Patients should look for a licensed physical therapist who specializes in working with people being treated for cancer; it’s OK if the therapist doesn’t hold a doctoral degree, Waltke says. Oncology physical therapy is an evolving specialization; the American Board of Physical Therapy Specialties expects to administer its first certification exam for this field in spring 2019.
Though physical therapy in cancer care might be new to some patients, it is becoming mainstream among oncology care professionals.
“Physical therapy is absolutely a part of our care plan, and the physical therapist is an integral part of the oncology care team,” says Yahanda. “We depend on physical therapists not only in surgery but also in medical oncology and radiation oncology.”
The physical therapist is a key component of an integrative care team that also includes occupational and speech therapists, Gupta says. “Oncologists are so focused on cancer and its treatment that they don’t always realize the impact of functional deficits,” she says. “A physical therapist doesn’t cure the cause but can teach you how to work with functional deficits in your everyday life.”

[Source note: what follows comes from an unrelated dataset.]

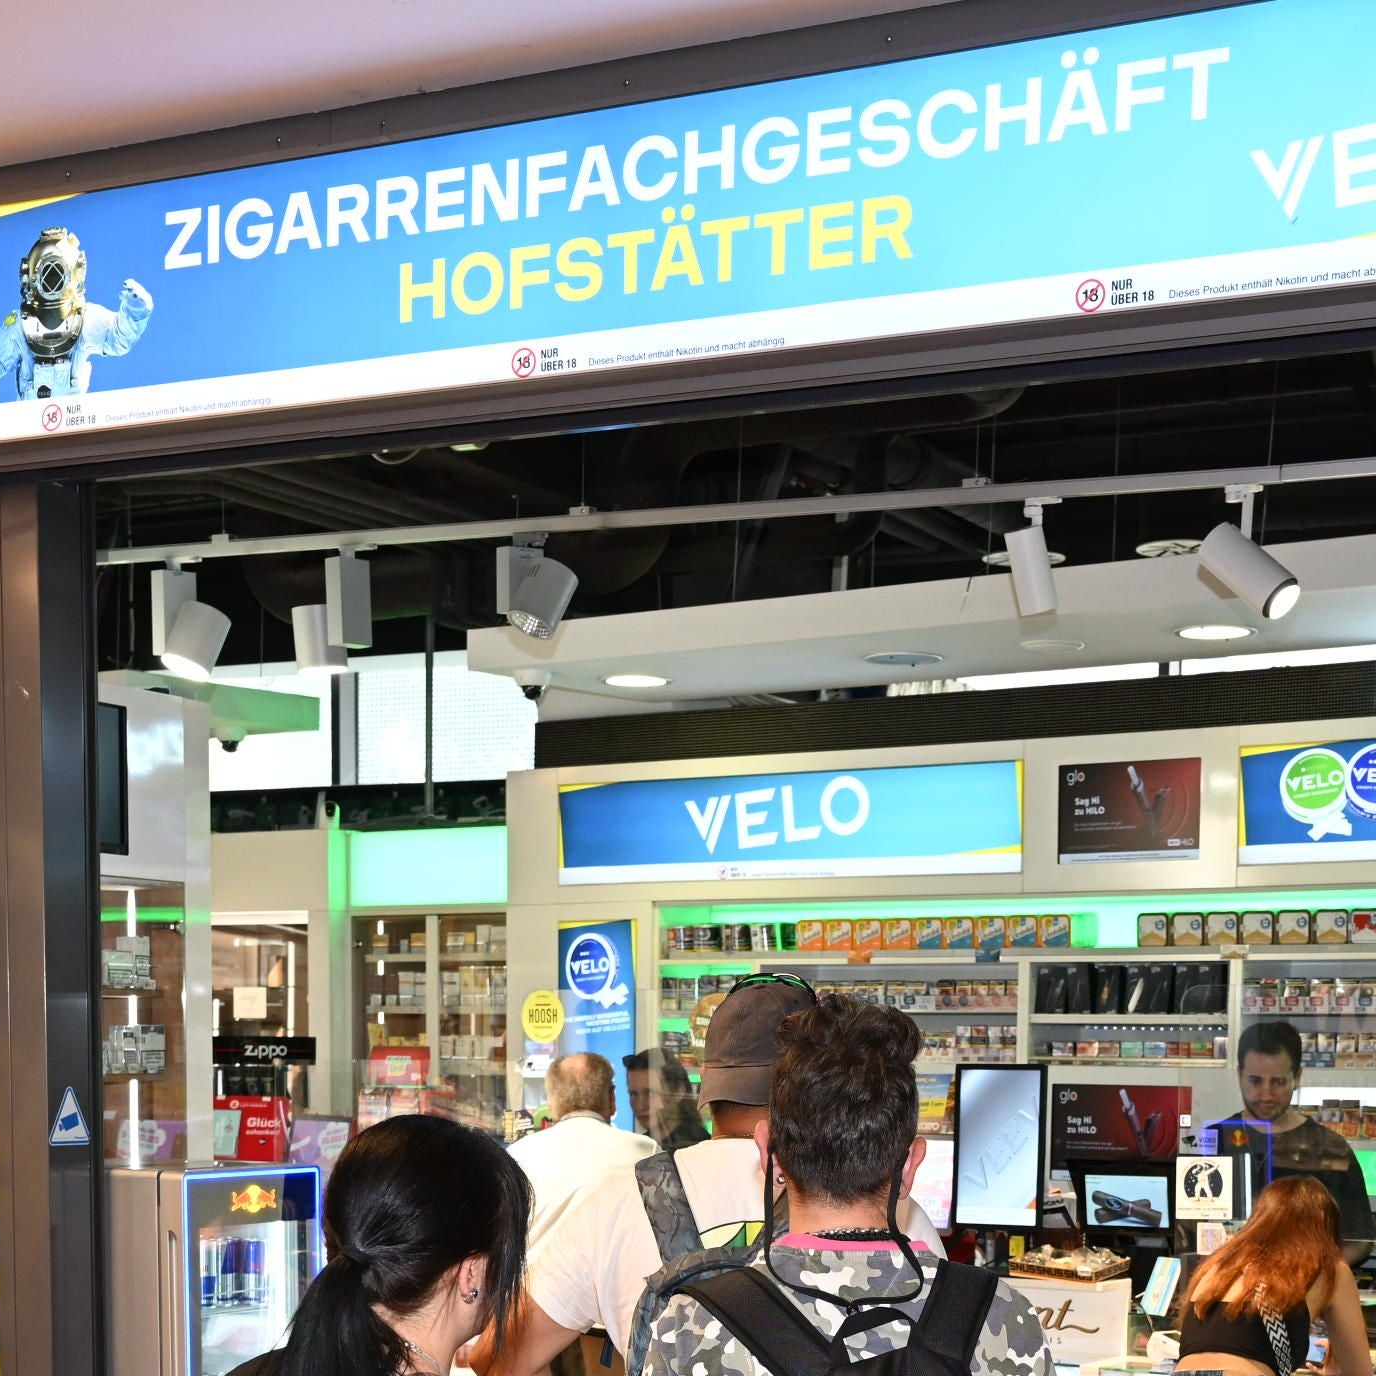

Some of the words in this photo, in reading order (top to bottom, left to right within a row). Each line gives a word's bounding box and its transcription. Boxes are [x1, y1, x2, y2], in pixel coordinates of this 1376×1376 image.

Despite oncology providers’ acknowledgment of physical therapy’s benefits, variability in referrals is “huge across the country,” Waltke says. Most insurance companies require a physician’s referral, but “a physical therapy consult is nearly universally covered by every insurance company,” she says. For patients whose oncologists don’t offer a referral for a physical therapy consultation, Waltke has this advice: Ask. “It’s rare to find physicians who will say ‘No, you can’t’ versus those who just don’t think about it,” she says.
Patients who work with a physical therapist benefit from having another member on their care team throughout the scope of their cancer treatment. “You might have a surgery team and a chemotherapy team, but your physical therapist is there from the beginning,” Waltke says.
“Physical therapy is always consistent and is the glue that holds everything together.”